Schwangerschaften nach Kinderwunschbehandlung


Hinweise darauf, dass Kinderwunschbehandlungen wie IVF oder auch nur eine hormonelle Stimulation der Eierstöcke den Verlauf einer entstehenden Schwangerschaft negativ beeinflussen können, gibt es zahlreich. Zum Teil wird dies auf den erhöhten Anteil von Mehrlingsschwangerschaften zurückgeführt (siehe hier und hier) oder auf die negativen Einflüsse des mütterlichen Hormonhaushalts, z. B. beim PCO.

Aber auch bei Einlingsschwangerschaften und normalem mütterlichen Hormonhaushalt sind geringeres Geburtsgewicht und Frühgeburten häufiger, des weiteren werden auch vermehrte genetische Risiken und Fehlbildungen als Folge einer hormonellen Stimulation diskutiert.

Eine aktuelle Studie aus den USA konnte zumindest den letzteren Verdacht widerlegen. Ein erhöhtes Risiko für Fehlbildungen findet sich weder nach einer Hormonbehandlung noch nach IVF, wie die Autoren im Journal Obstetrics & Gynecology berichten.

In der Studie wurde der Verlauf von 36062 Einlingsschwangerschaften untersucht. Davon entstanden 34286 ohne Zuhilfenahme der Reproduktionsmedizin, 1222 nach einer Hormonbehandlung ohne weitere Maßnahme und 544 durch eine IVF-Behandlung.
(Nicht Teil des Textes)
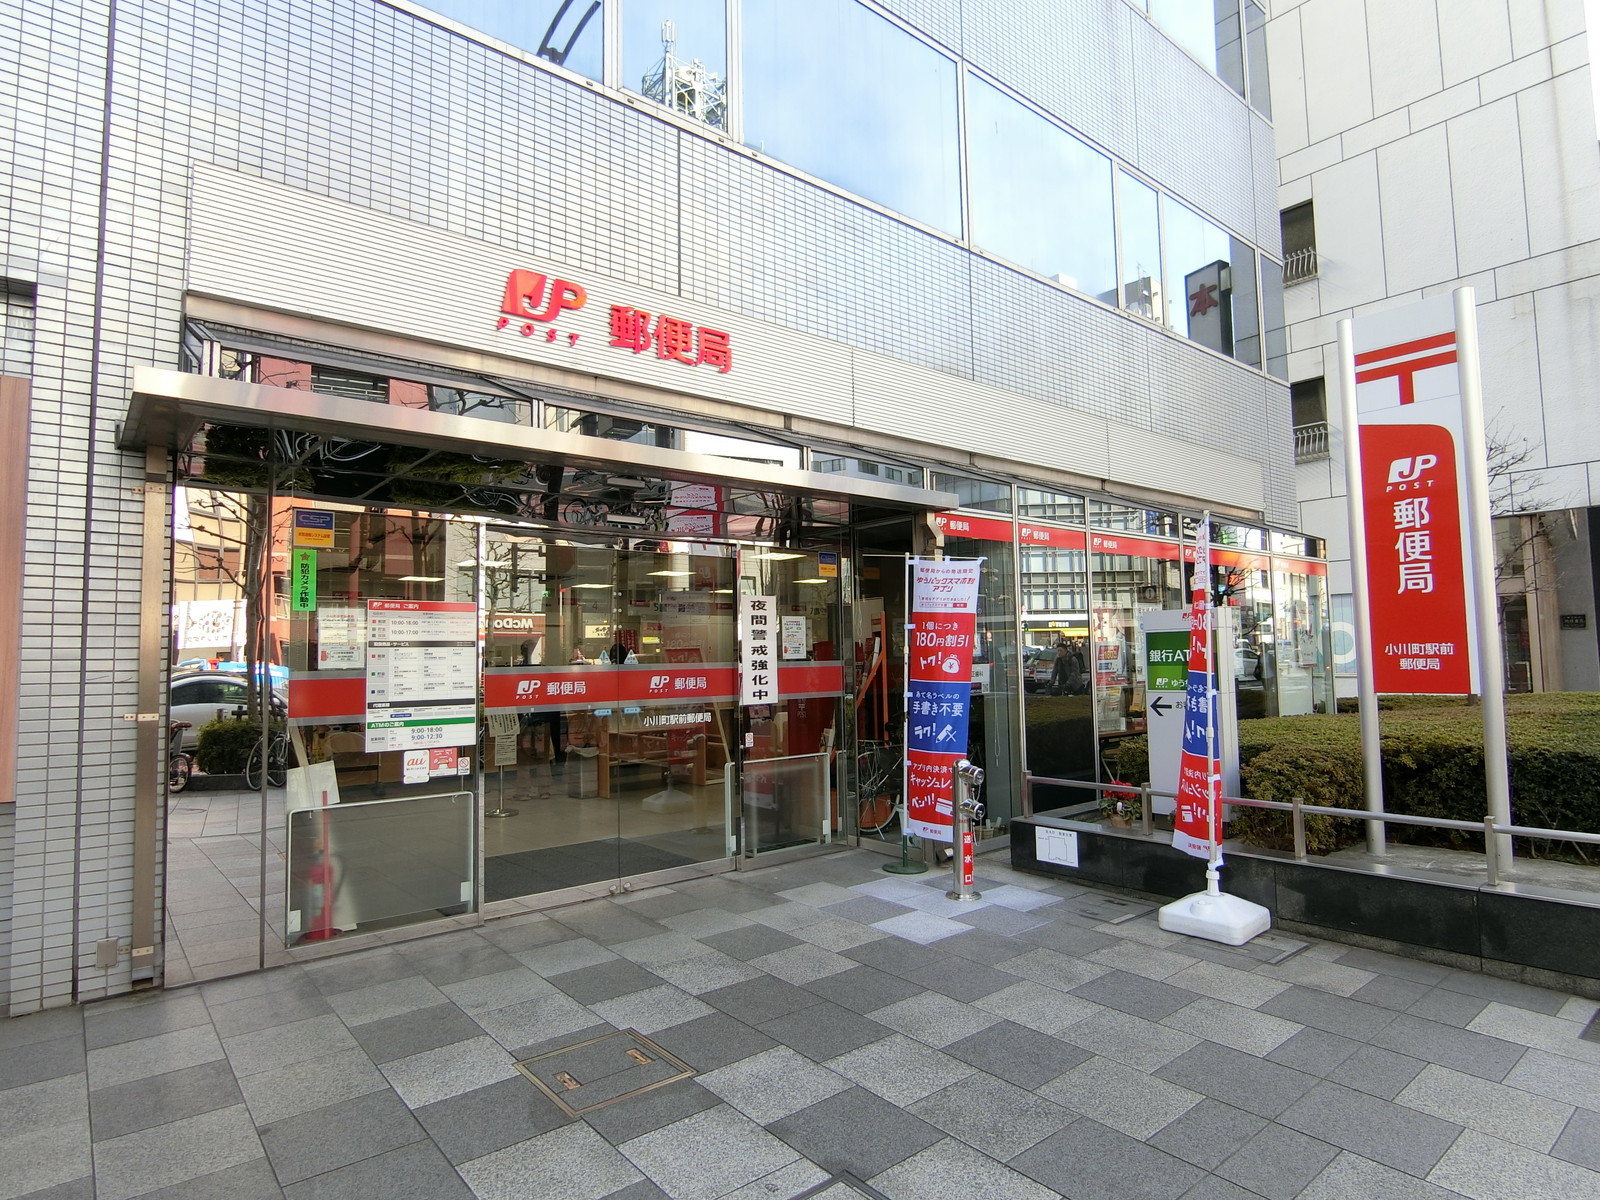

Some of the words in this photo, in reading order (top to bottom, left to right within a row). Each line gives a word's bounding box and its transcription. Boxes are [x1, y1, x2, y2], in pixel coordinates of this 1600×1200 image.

[502, 269, 587, 322] JP
[497, 316, 580, 347] POST
[609, 304, 733, 374] 郵便局
[1388, 454, 1437, 484] JP
[1386, 480, 1434, 492] POST
[299, 514, 331, 524] CSP
[950, 520, 970, 532] 郵便局
[1033, 530, 1050, 541] 郵便局
[1393, 497, 1434, 594] 郵便局
[300, 563, 310, 608] 防犯カメラ作動中
[922, 622, 959, 630] 1個につき
[916, 632, 970, 648] 180円割引
[750, 600, 768, 700] 夜間警戒強化中
[1149, 650, 1190, 662] 銀行AT
[1384, 643, 1454, 656] 小川町駅前
[1400, 658, 1440, 670] 郵便局
[546, 681, 586, 696] 郵便局
[674, 677, 707, 690] 郵便局
[916, 690, 960, 700] あて名ラベルの
[912, 700, 964, 717] 手書き不要
[644, 712, 712, 726] 小川町駅前郵便局
[407, 758, 426, 766] au
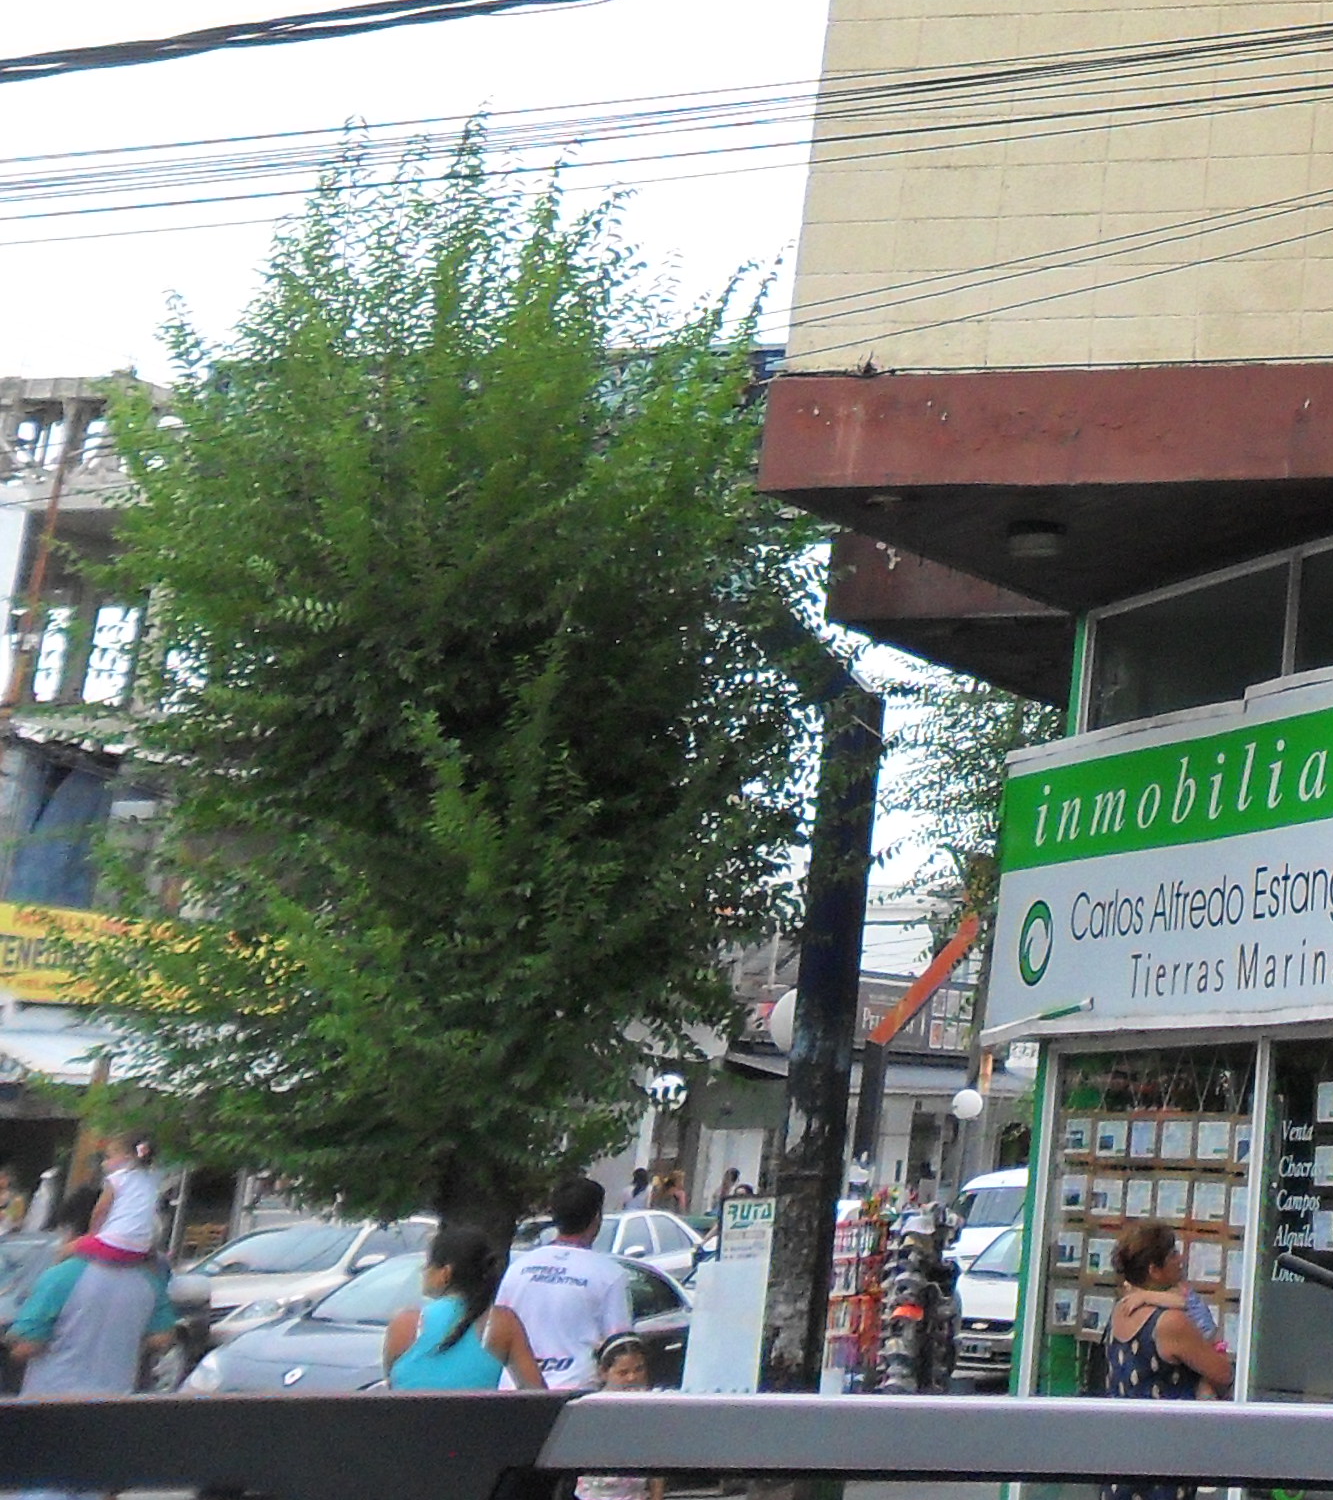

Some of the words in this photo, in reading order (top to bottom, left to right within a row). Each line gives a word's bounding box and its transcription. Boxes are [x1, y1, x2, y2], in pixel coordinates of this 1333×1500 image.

[1070, 888, 1145, 941] Carlos
[1149, 874, 1245, 933] Alfredo
[1130, 952, 1225, 999] Tierras
Nach Korrektur der statistischen Unterschiede in den drei Gruppen zeigten sich keine Unterschiede im Hinblick auf Geburtsgewicht und körperliche Entwicklung der geborenen Kinder.

Jedoch waren nach einer Hormonbehandlung Lösungen der Plazenta und Totgeburten häufiger und insbesondere trat Schwangerschaftsdiabetes häufiger auf. Nach einer IVF waren „Schwangerschaftsvergiftungen“ (Gestosen), Veränderungen des Mutterkuchens und Kaiserschnitte häufiger als in der Kontrollgruppe.
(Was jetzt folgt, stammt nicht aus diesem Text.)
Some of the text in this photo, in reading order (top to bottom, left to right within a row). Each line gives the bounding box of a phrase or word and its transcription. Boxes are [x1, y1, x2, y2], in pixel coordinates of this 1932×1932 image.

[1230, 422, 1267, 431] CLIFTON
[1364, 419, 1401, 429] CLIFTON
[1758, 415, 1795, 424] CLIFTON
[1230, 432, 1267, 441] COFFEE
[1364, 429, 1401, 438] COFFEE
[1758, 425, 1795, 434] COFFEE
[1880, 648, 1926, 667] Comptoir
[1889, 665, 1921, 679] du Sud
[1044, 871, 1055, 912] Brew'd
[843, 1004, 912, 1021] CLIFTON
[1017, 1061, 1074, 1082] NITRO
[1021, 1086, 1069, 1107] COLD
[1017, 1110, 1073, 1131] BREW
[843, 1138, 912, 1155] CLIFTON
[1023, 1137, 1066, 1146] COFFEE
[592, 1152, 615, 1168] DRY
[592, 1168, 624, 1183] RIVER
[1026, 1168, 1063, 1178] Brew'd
Das häufigere Auftreten von Schwangerschaftsdiabetes könnte damit zusammenhängen, dass unter den Patientinnen, die mit Hormonen behandelt wurden, auch vermehrt Frauen mit einem PCO-Syndrom zu finden sind, einer Erkrankung, die nicht selten mit einer Insulinresistenz kombiniert ist.

Die Autoren dieser Studie raten daher den Frauenärzten, welche die Schwangerschaften nach Kinderwunschbehqandlungen betreuen, zu einer erhöhten Wachsamkeit, um Komplikationen frühzeitig erkennen zu können. Die Schlussnote des Artikels war, „dass die Wahrscheinlichkeit, ein gesundes Kind nach einer Kinderwunschbehandlung zu bekommen, extrem hoch ist„.

Shevell T., Malone F. D., Vidaver J., Porter T. F., Luthy D. A., Comstock C. H., Hankins G. D., Eddleman K., Dolan S., Dugoff L., Craigo S., Timor I. E., Carr S. R., Wolfe H. M., Bianchi D. W., D’Alton M. E.
Use of assisted reproductive technology, either in vitro fertilization or ovulation induction, is associated with a significant risk of adverse pregnancy outcome in singleton pregnancies.